Czeslaw Milosz, who won the Nobel Prize for literature in 1980, said in his acceptance speech, “Our planet that gets smaller every year, with its fantastic proliferation of mass media, is witnessing a process that escapes definition, characterized by a refusal to remember.”
Abraham Lincoln would have been appalled by that refusal to remember. He knew the power of memory to shape the continuity and character of a people. In his first inaugural address he talked about “the mystic chords of memory, stretching from every battlefield and patriot grave to every living heart and hearthstone all over this broad land. …” Those words define something especially human, a power of transmitting experience through generations of time. They connect us emotionally and spiritually to the human beings who came before and who will follow. They are the ties that bind. They do even more than that—they make us an alert people. Mark Twain wrote that a cat, once it had sat on a hot stove, would never do it again, but neither would it sit on a cold stove. We human beings are different. We can count and weigh and sort our experiences and the reflections they prompt and we can share them with others. History ceases to be a row of bare facts waiting to be memorized by schoolchildren. No longer does it stand like an old picket fence in our backyard, slowly and silently rotting away. It becomes a real world, inhabited by “villains and heroes and regular folk passing this way on swift journeys.”

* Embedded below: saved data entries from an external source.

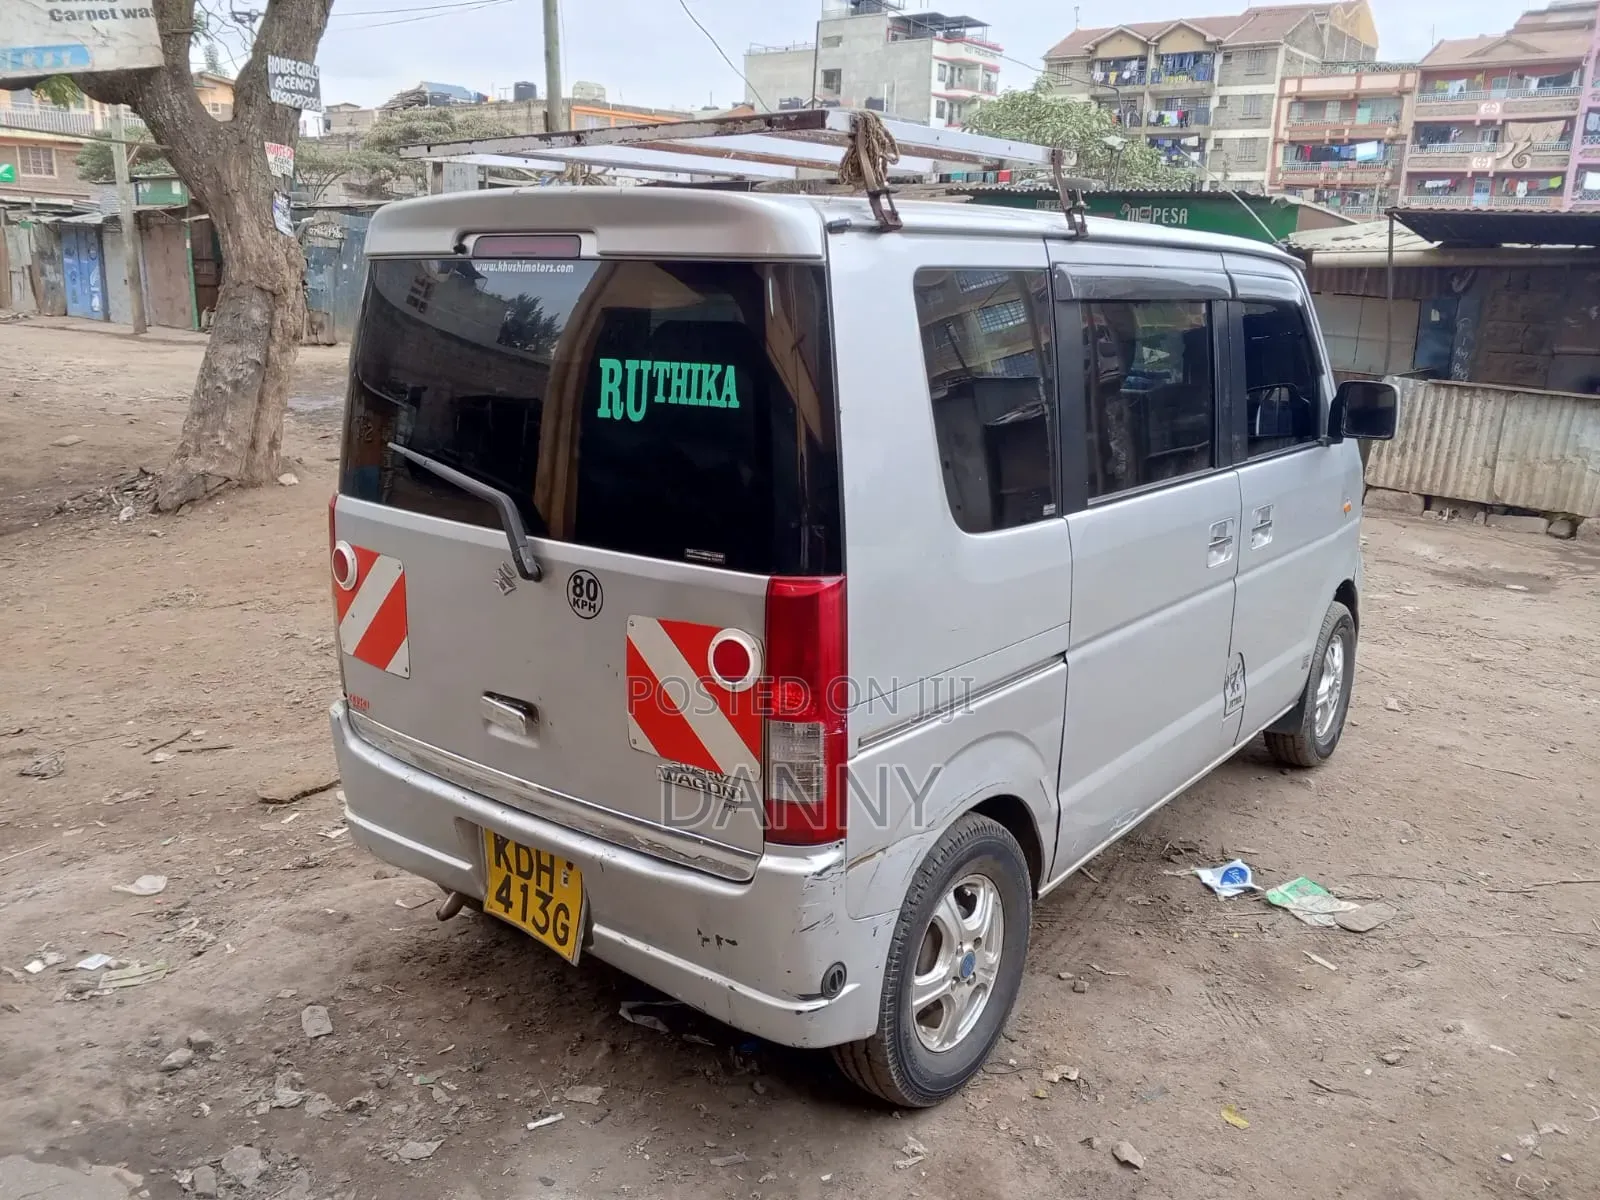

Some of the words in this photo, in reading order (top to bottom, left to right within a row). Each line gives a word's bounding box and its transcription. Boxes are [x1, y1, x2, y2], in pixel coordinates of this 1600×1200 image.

[268, 55, 297, 75] HOUSE
[275, 75, 316, 92] AGENCY
[475, 260, 574, 273] www.khushimotors.com
[597, 358, 740, 422] RUTHIKA
[573, 574, 598, 602] 80
[573, 597, 597, 613] KPH
[657, 767, 738, 800] WAGON
[493, 832, 555, 897] KDH
[495, 873, 570, 946] 413G
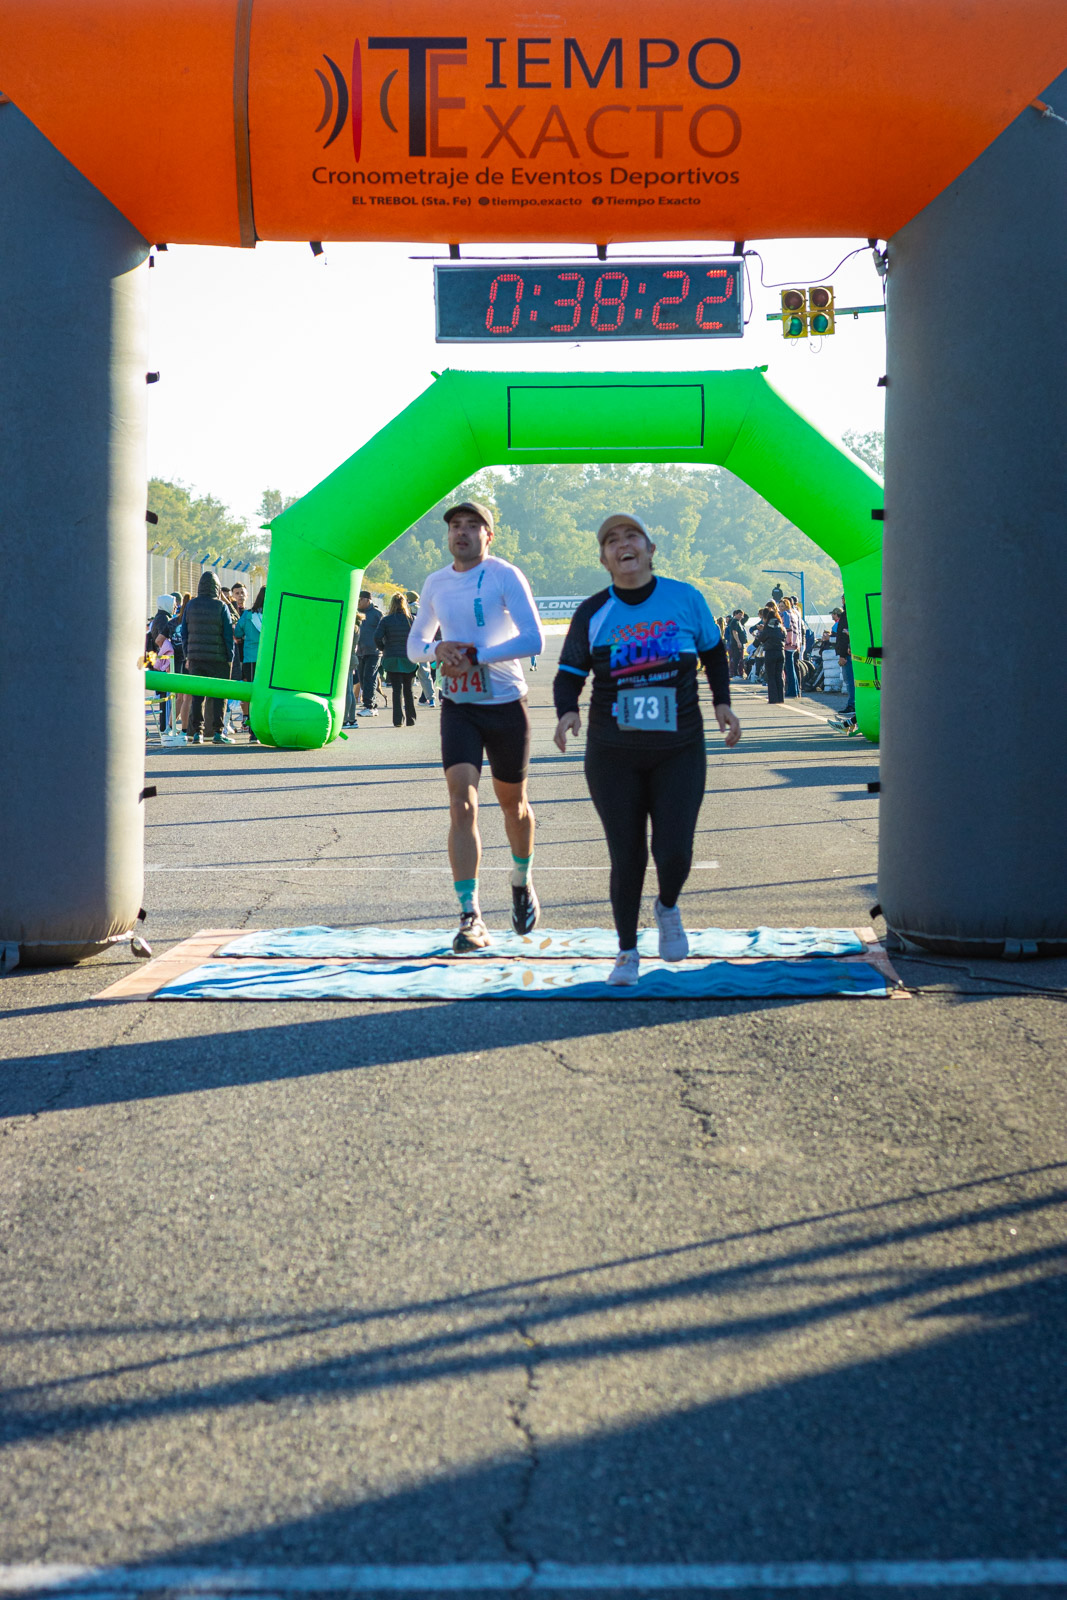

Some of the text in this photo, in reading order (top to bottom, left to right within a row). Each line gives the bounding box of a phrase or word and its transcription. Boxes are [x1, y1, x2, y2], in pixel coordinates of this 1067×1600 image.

In his short story “The Shore and the Sea,” James Thurber tells of the lemmings, those strange little rodents of the Nordic countries, who are accused of such suicidal propensities that periodically they stampede by the thousands into the sea. The mass frenzy begins when, viewing the sunset on the ocean, “a single excited lemming” starts the exodus by crying fire and running toward the sea. “The world is coming to an end!” he shouts. And as the hurrying hundreds turn into thousands, the reasons for their headlong flight increases by leaps and bounds and hops and skips and jumps: others begin to cry that the devil has come in a red chariot; still others that the world is on fire. The panic increases, the rumors multiply, and pandemonium prevails as the lemmings by the thousands leap into the sea and disappear beneath the waves, some crying, “We are saved!” and some, “We are lost!” An old scholarly lemming watches the futile self-destruction of the mob, tears up all that he has written about the species, and starts all over again. The moral, according to Thurber, is this: “All men should strive to learn before they die what they are running from, and to, and why.”